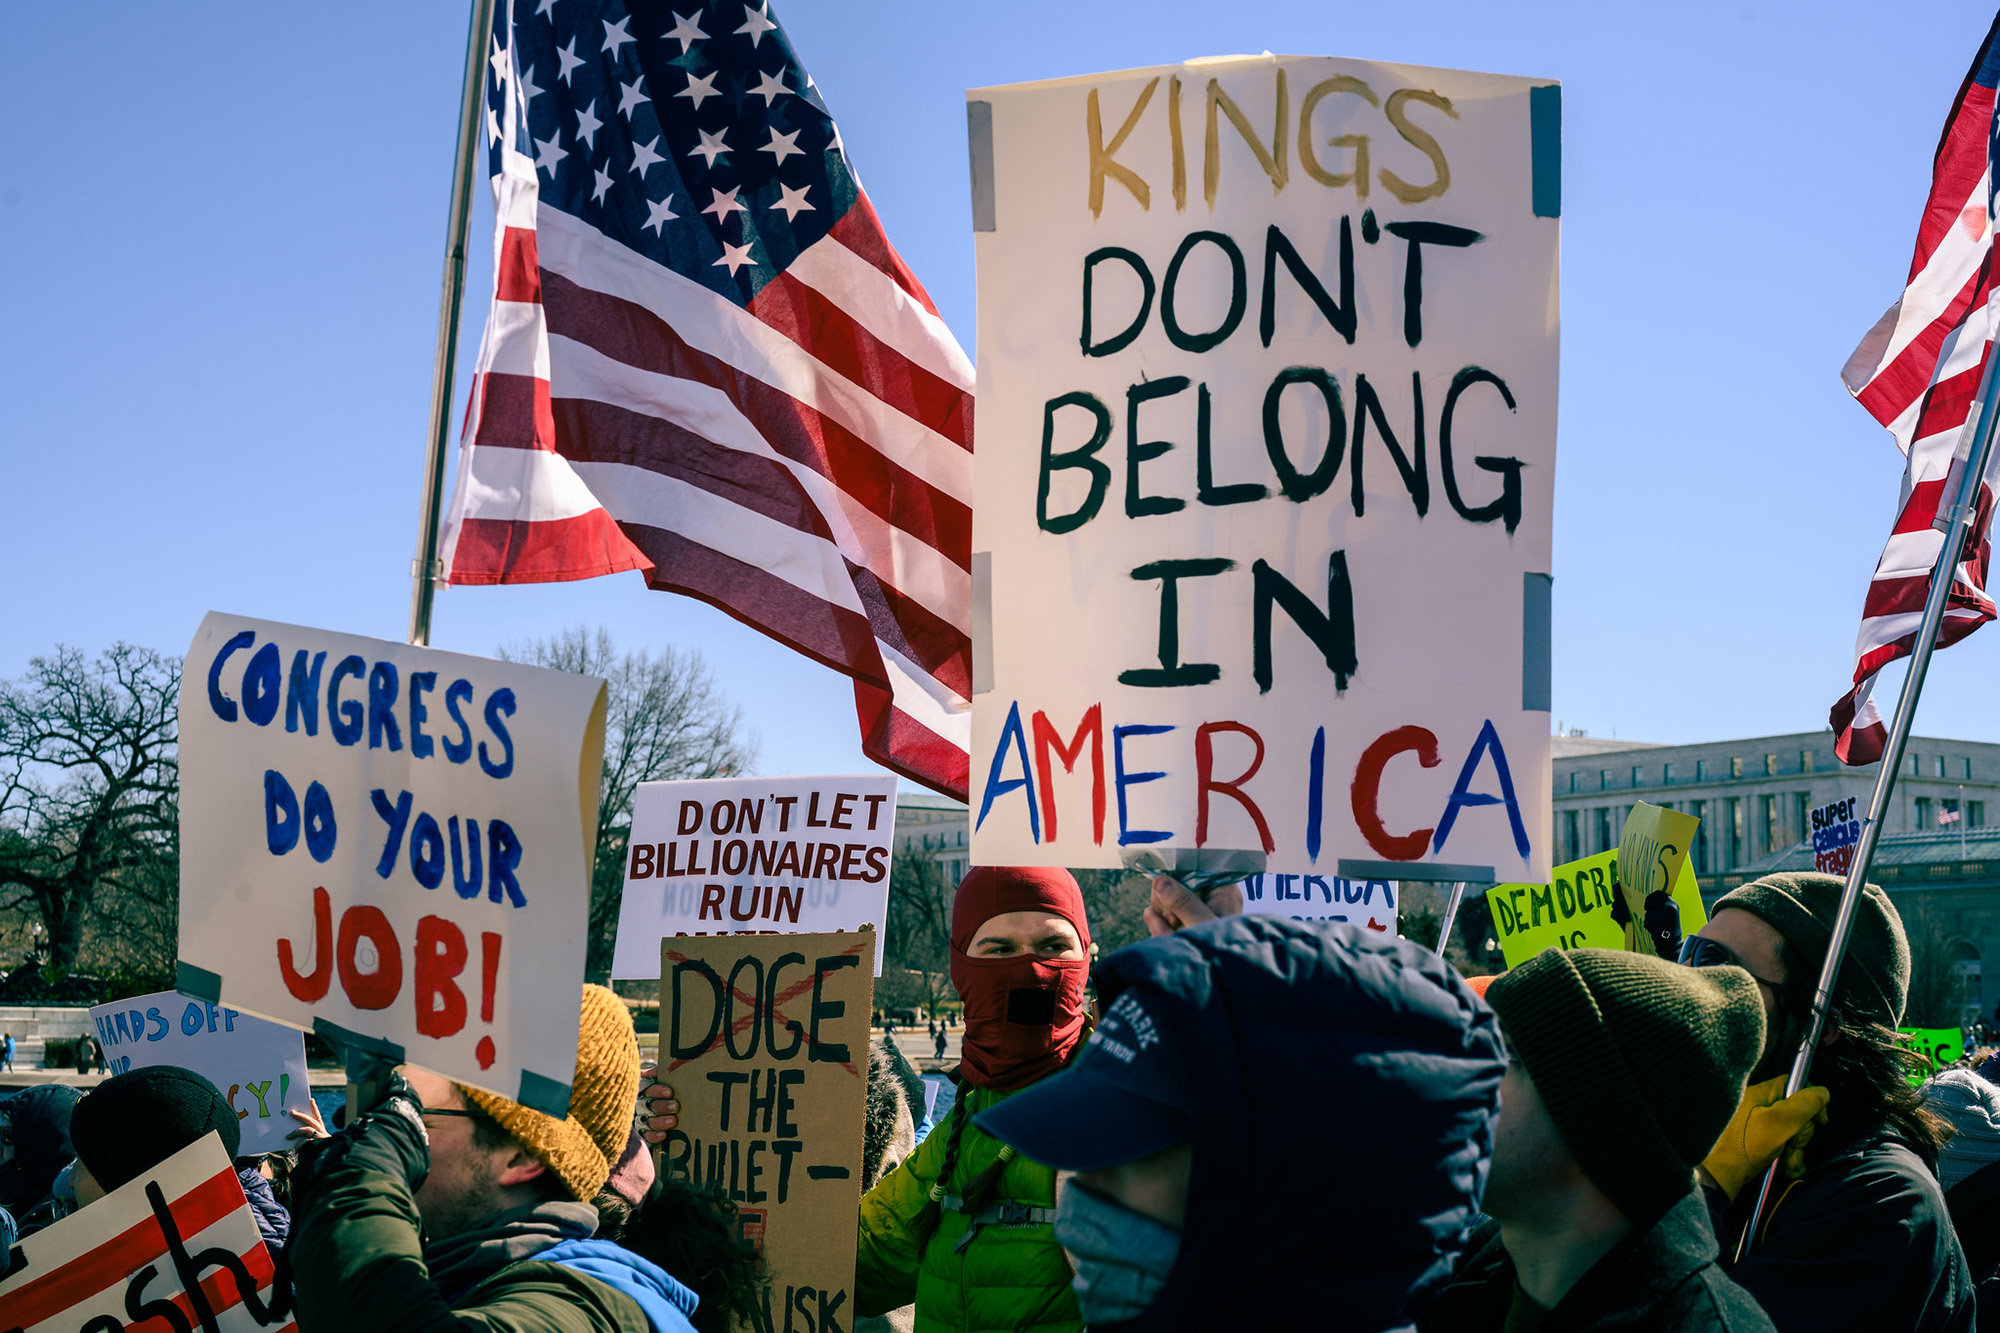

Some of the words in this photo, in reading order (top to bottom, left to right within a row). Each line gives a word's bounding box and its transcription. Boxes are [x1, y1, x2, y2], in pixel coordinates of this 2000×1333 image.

[1086, 67, 1461, 219] KINGS
[1080, 209, 1483, 358] DON'T
[1037, 366, 1526, 535] BELONG
[1118, 550, 1358, 694] IN
[208, 631, 517, 779] CONGRESS
[265, 770, 337, 863] DO
[371, 790, 527, 908] YOUR
[677, 793, 798, 836] DON'T
[806, 792, 887, 830] LET
[974, 700, 1531, 864] AMERICA
[1811, 796, 1856, 831] super
[629, 839, 889, 884] BILLIONAIRES
[698, 884, 804, 923] RUIN
[95, 1007, 170, 1047] HANDS
[277, 888, 502, 1071] JOB!
[670, 952, 860, 1063] DOGE
[706, 1067, 806, 1139] THE
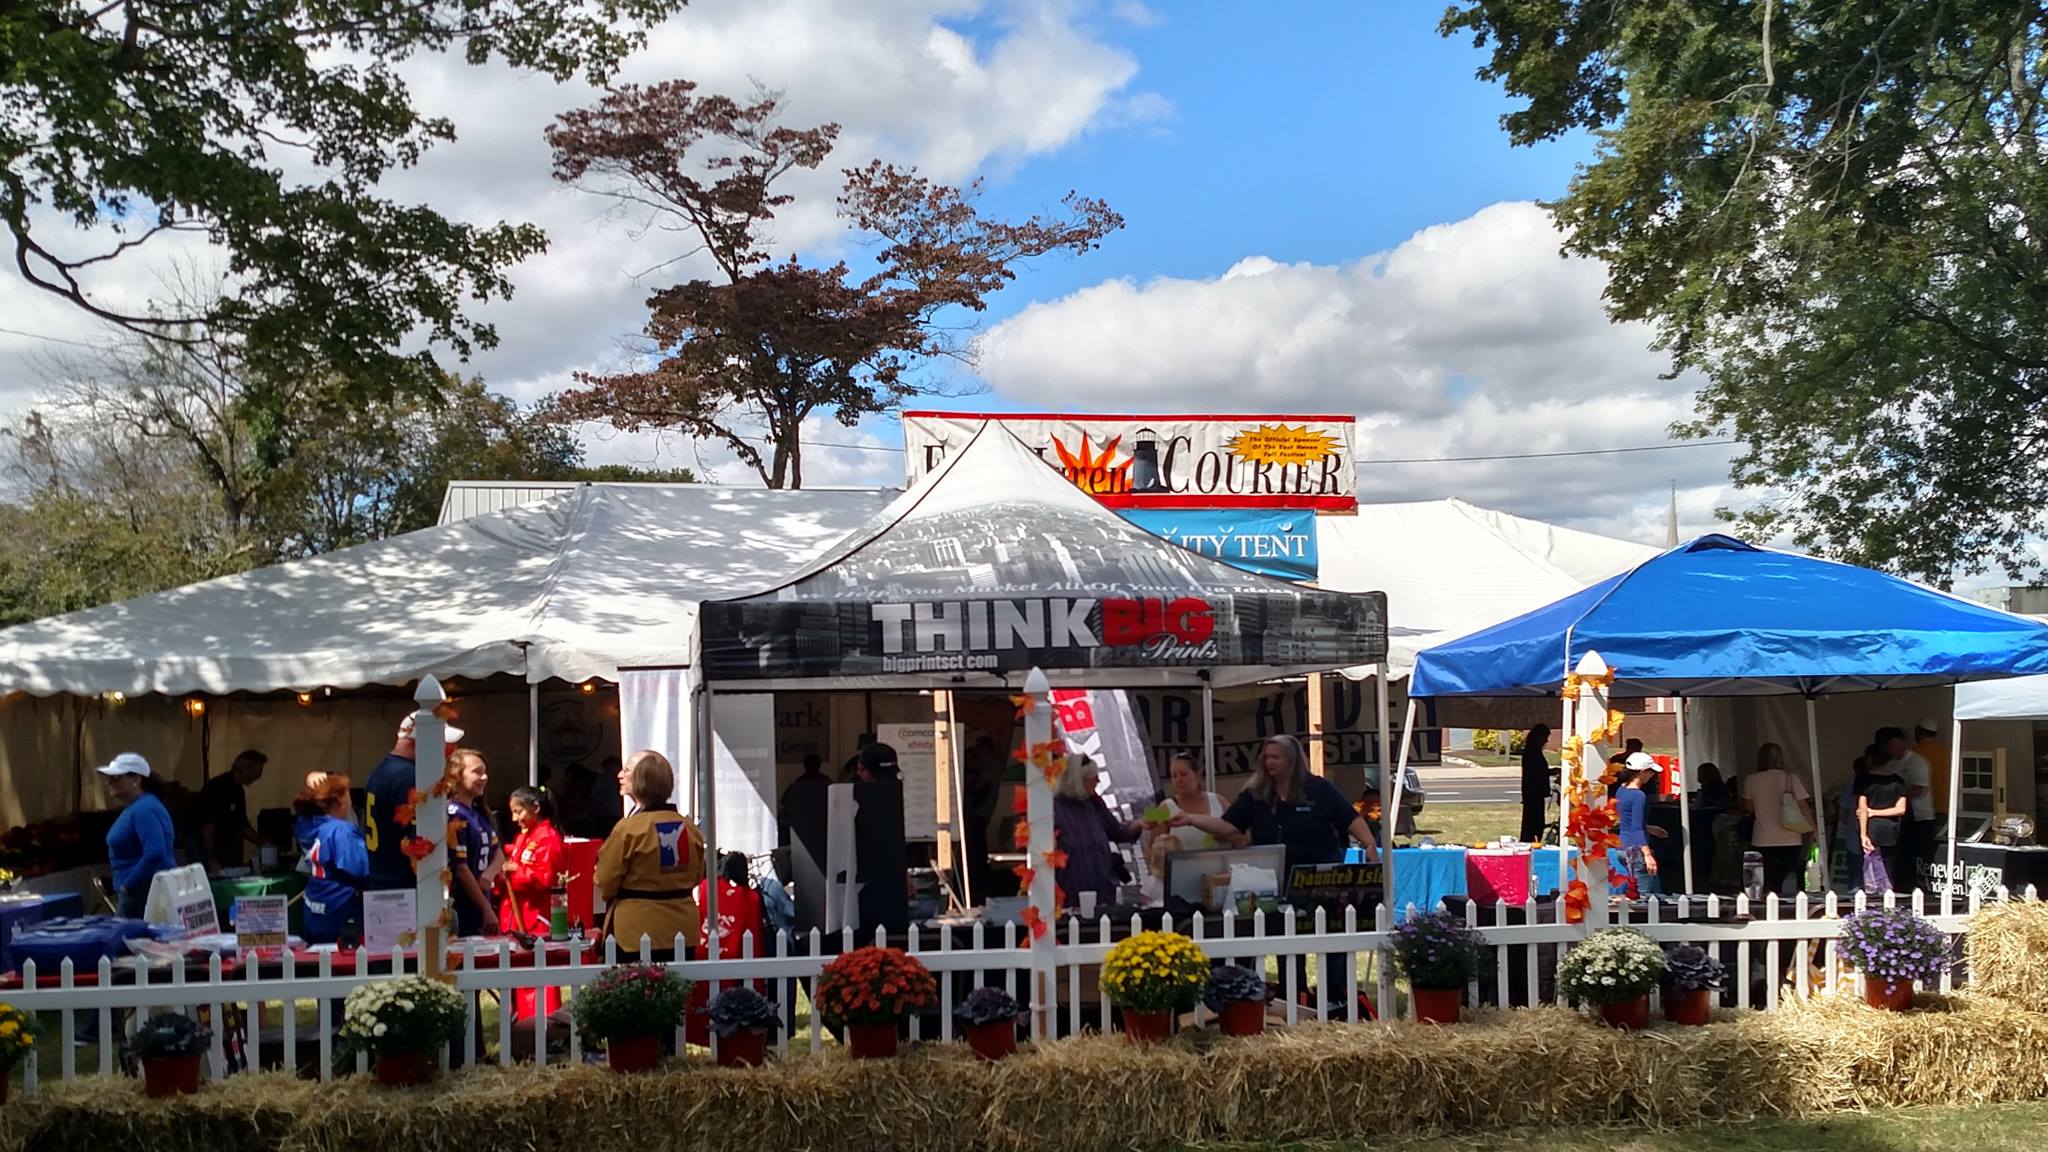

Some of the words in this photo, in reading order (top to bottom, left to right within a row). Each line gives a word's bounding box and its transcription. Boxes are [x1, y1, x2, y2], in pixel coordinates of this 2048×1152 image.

[1163, 436, 1342, 495] COURIER
[1234, 534, 1308, 558] TENT
[903, 586, 943, 596] You
[953, 583, 1040, 595] Market
[1047, 581, 1089, 592] All
[1128, 582, 1179, 593] Your
[872, 598, 1099, 653] THINK
[1103, 597, 1215, 646] BIG
[1142, 633, 1218, 660] Prints
[883, 655, 998, 673] bigprintsct.com

» What the task asks
Every line of the listing must be reproduced exactly, though the pictures are to be left out.

» Task output
Some of the words in this photo, in reading order (top to bottom, left to right within a row). Each line gives a word's bounding box and its transcription. Boxes are [x1, y1, x2, y2], in pixel coordinates of this 2000×1333 image.

[1086, 67, 1461, 219] KINGS
[1080, 209, 1483, 358] DON'T
[1037, 366, 1526, 535] BELONG
[1118, 550, 1358, 694] IN
[208, 631, 517, 779] CONGRESS
[265, 770, 337, 863] DO
[371, 790, 527, 908] YOUR
[677, 793, 798, 836] DON'T
[806, 792, 887, 830] LET
[974, 700, 1531, 864] AMERICA
[1811, 796, 1856, 831] super
[629, 839, 889, 884] BILLIONAIRES
[698, 884, 804, 923] RUIN
[95, 1007, 170, 1047] HANDS
[277, 888, 502, 1071] JOB!
[670, 952, 860, 1063] DOGE
[706, 1067, 806, 1139] THE

Some of the words in this photo, in reading order (top to bottom, left to right within a row). Each line gives a word's bounding box and its transcription. Boxes are [x1, y1, x2, y2], in pixel coordinates of this 2048×1152 image.

[1163, 436, 1342, 495] COURIER
[1234, 534, 1308, 558] TENT
[903, 586, 943, 596] You
[953, 583, 1040, 595] Market
[1047, 581, 1089, 592] All
[1128, 582, 1179, 593] Your
[872, 598, 1099, 653] THINK
[1103, 597, 1215, 646] BIG
[1142, 633, 1218, 660] Prints
[883, 655, 998, 673] bigprintsct.com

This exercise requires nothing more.